> RECORDS FOR THIS TASK
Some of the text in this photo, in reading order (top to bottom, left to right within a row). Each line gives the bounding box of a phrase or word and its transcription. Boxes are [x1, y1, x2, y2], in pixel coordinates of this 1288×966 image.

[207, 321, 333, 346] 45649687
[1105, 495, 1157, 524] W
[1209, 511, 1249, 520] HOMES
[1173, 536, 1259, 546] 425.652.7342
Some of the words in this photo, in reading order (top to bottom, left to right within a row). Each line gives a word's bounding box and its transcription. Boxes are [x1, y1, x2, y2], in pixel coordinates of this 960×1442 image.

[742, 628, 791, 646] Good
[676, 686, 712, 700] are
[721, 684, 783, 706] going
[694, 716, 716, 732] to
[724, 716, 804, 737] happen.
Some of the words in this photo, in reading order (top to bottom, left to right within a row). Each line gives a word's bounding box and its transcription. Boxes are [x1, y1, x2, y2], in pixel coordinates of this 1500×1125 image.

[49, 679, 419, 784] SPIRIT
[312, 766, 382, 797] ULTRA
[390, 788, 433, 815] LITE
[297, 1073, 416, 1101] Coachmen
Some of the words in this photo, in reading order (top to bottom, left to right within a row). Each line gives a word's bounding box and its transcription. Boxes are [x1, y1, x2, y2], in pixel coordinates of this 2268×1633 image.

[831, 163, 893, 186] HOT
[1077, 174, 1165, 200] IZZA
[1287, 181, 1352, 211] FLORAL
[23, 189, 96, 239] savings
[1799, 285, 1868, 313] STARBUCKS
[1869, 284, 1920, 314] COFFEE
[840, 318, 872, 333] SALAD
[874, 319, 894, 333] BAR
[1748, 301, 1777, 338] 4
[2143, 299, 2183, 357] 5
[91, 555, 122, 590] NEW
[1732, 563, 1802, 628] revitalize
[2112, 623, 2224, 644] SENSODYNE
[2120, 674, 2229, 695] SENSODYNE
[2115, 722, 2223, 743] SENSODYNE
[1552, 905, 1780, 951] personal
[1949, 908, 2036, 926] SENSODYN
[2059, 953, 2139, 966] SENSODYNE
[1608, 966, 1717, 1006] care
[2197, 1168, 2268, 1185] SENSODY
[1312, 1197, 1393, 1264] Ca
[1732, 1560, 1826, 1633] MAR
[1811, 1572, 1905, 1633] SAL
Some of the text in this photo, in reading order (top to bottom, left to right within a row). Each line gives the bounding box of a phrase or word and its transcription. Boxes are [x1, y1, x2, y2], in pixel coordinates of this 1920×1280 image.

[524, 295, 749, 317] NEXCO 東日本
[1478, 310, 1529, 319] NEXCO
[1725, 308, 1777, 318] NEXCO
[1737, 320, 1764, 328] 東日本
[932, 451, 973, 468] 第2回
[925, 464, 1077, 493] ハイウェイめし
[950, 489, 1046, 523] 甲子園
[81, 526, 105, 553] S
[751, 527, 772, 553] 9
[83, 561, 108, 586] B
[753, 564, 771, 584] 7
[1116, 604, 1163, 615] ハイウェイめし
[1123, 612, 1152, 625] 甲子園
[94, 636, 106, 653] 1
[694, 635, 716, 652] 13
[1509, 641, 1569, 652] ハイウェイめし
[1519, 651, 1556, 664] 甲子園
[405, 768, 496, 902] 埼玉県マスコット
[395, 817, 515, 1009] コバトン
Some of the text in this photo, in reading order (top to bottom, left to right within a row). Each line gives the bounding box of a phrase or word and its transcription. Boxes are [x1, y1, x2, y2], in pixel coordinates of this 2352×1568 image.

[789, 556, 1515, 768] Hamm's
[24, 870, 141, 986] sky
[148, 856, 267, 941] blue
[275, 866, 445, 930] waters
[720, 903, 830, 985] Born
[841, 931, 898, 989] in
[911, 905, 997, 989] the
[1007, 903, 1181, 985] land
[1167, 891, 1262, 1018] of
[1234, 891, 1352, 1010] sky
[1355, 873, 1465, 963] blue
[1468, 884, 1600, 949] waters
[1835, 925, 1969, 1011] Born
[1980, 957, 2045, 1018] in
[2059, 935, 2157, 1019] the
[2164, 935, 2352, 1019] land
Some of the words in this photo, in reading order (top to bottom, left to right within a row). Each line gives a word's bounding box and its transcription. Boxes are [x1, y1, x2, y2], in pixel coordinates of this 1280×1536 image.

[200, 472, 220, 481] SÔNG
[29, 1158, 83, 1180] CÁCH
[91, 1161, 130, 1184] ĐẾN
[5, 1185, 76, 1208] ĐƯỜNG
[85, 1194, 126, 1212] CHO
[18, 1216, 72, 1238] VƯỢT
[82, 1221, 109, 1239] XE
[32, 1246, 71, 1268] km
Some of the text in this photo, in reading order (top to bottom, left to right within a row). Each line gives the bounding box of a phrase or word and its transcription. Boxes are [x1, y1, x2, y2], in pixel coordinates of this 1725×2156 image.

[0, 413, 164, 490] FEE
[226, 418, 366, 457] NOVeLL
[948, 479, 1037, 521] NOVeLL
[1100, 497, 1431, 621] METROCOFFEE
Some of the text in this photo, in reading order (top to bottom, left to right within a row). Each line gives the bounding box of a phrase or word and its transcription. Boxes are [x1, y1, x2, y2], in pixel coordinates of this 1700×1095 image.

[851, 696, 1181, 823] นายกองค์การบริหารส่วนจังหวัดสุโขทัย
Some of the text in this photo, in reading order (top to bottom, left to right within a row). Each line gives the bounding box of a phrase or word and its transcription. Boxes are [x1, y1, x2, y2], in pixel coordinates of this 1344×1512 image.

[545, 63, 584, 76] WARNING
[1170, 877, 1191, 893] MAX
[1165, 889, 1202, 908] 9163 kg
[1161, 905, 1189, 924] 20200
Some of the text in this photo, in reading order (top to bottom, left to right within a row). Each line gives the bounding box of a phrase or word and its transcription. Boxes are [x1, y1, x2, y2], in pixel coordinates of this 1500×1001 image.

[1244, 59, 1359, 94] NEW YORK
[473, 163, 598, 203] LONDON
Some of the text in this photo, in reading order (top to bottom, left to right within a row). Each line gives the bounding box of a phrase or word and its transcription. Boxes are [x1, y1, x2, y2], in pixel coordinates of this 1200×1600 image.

> YOUR ASSIGNMENT
Line by line, return the whole listing without a single difference.

> ANSWER BOX
Some of the text in this photo, in reading order (top to bottom, left to right within a row). Each line gives the bounding box of a phrase or word and its transcription. Boxes are [x1, y1, x2, y2], in pixel coordinates of this 1288×966 image.

[207, 321, 333, 346] 45649687
[1105, 495, 1157, 524] W
[1209, 511, 1249, 520] HOMES
[1173, 536, 1259, 546] 425.652.7342
Some of the words in this photo, in reading order (top to bottom, left to right within a row). Each line gives a word's bounding box and its transcription. Boxes are [x1, y1, x2, y2], in pixel coordinates of this 960×1442 image.

[742, 628, 791, 646] Good
[676, 686, 712, 700] are
[721, 684, 783, 706] going
[694, 716, 716, 732] to
[724, 716, 804, 737] happen.
Some of the words in this photo, in reading order (top to bottom, left to right within a row). Each line gives a word's bounding box and its transcription. Boxes are [x1, y1, x2, y2], in pixel coordinates of this 1500×1125 image.

[49, 679, 419, 784] SPIRIT
[312, 766, 382, 797] ULTRA
[390, 788, 433, 815] LITE
[297, 1073, 416, 1101] Coachmen
Some of the words in this photo, in reading order (top to bottom, left to right within a row). Each line gives a word's bounding box and its transcription. Boxes are [x1, y1, x2, y2], in pixel coordinates of this 2268×1633 image.

[831, 163, 893, 186] HOT
[1077, 174, 1165, 200] IZZA
[1287, 181, 1352, 211] FLORAL
[23, 189, 96, 239] savings
[1799, 285, 1868, 313] STARBUCKS
[1869, 284, 1920, 314] COFFEE
[840, 318, 872, 333] SALAD
[874, 319, 894, 333] BAR
[1748, 301, 1777, 338] 4
[2143, 299, 2183, 357] 5
[91, 555, 122, 590] NEW
[1732, 563, 1802, 628] revitalize
[2112, 623, 2224, 644] SENSODYNE
[2120, 674, 2229, 695] SENSODYNE
[2115, 722, 2223, 743] SENSODYNE
[1552, 905, 1780, 951] personal
[1949, 908, 2036, 926] SENSODYN
[2059, 953, 2139, 966] SENSODYNE
[1608, 966, 1717, 1006] care
[2197, 1168, 2268, 1185] SENSODY
[1312, 1197, 1393, 1264] Ca
[1732, 1560, 1826, 1633] MAR
[1811, 1572, 1905, 1633] SAL
Some of the text in this photo, in reading order (top to bottom, left to right within a row). Each line gives the bounding box of a phrase or word and its transcription. Boxes are [x1, y1, x2, y2], in pixel coordinates of this 1920×1280 image.

[524, 295, 749, 317] NEXCO 東日本
[1478, 310, 1529, 319] NEXCO
[1725, 308, 1777, 318] NEXCO
[1737, 320, 1764, 328] 東日本
[932, 451, 973, 468] 第2回
[925, 464, 1077, 493] ハイウェイめし
[950, 489, 1046, 523] 甲子園
[81, 526, 105, 553] S
[751, 527, 772, 553] 9
[83, 561, 108, 586] B
[753, 564, 771, 584] 7
[1116, 604, 1163, 615] ハイウェイめし
[1123, 612, 1152, 625] 甲子園
[94, 636, 106, 653] 1
[694, 635, 716, 652] 13
[1509, 641, 1569, 652] ハイウェイめし
[1519, 651, 1556, 664] 甲子園
[405, 768, 496, 902] 埼玉県マスコット
[395, 817, 515, 1009] コバトン
Some of the text in this photo, in reading order (top to bottom, left to right within a row). Each line gives the bounding box of a phrase or word and its transcription. Boxes are [x1, y1, x2, y2], in pixel coordinates of this 2352×1568 image.

[789, 556, 1515, 768] Hamm's
[24, 870, 141, 986] sky
[148, 856, 267, 941] blue
[275, 866, 445, 930] waters
[720, 903, 830, 985] Born
[841, 931, 898, 989] in
[911, 905, 997, 989] the
[1007, 903, 1181, 985] land
[1167, 891, 1262, 1018] of
[1234, 891, 1352, 1010] sky
[1355, 873, 1465, 963] blue
[1468, 884, 1600, 949] waters
[1835, 925, 1969, 1011] Born
[1980, 957, 2045, 1018] in
[2059, 935, 2157, 1019] the
[2164, 935, 2352, 1019] land
Some of the words in this photo, in reading order (top to bottom, left to right within a row). Each line gives a word's bounding box and its transcription. Boxes are [x1, y1, x2, y2], in pixel coordinates of this 1280×1536 image.

[200, 472, 220, 481] SÔNG
[29, 1158, 83, 1180] CÁCH
[91, 1161, 130, 1184] ĐẾN
[5, 1185, 76, 1208] ĐƯỜNG
[85, 1194, 126, 1212] CHO
[18, 1216, 72, 1238] VƯỢT
[82, 1221, 109, 1239] XE
[32, 1246, 71, 1268] km
Some of the text in this photo, in reading order (top to bottom, left to right within a row). Each line gives the bounding box of a phrase or word and its transcription. Boxes are [x1, y1, x2, y2], in pixel coordinates of this 1725×2156 image.

[0, 413, 164, 490] FEE
[226, 418, 366, 457] NOVeLL
[948, 479, 1037, 521] NOVeLL
[1100, 497, 1431, 621] METROCOFFEE
Some of the text in this photo, in reading order (top to bottom, left to right within a row). Each line gives the bounding box of a phrase or word and its transcription. Boxes are [x1, y1, x2, y2], in pixel coordinates of this 1700×1095 image.

[851, 696, 1181, 823] นายกองค์การบริหารส่วนจังหวัดสุโขทัย
Some of the text in this photo, in reading order (top to bottom, left to right within a row). Each line gives the bounding box of a phrase or word and its transcription. Boxes are [x1, y1, x2, y2], in pixel coordinates of this 1344×1512 image.

[545, 63, 584, 76] WARNING
[1170, 877, 1191, 893] MAX
[1165, 889, 1202, 908] 9163 kg
[1161, 905, 1189, 924] 20200
Some of the text in this photo, in reading order (top to bottom, left to right within a row). Each line gives the bounding box of a phrase or word and its transcription. Boxes are [x1, y1, x2, y2], in pixel coordinates of this 1500×1001 image.

[1244, 59, 1359, 94] NEW YORK
[473, 163, 598, 203] LONDON
Some of the text in this photo, in reading order (top to bottom, left to right within a row). Each line gives the bounding box of a phrase or word and its transcription. Boxes are [x1, y1, x2, y2], in pixel coordinates of this 1200×1600 image.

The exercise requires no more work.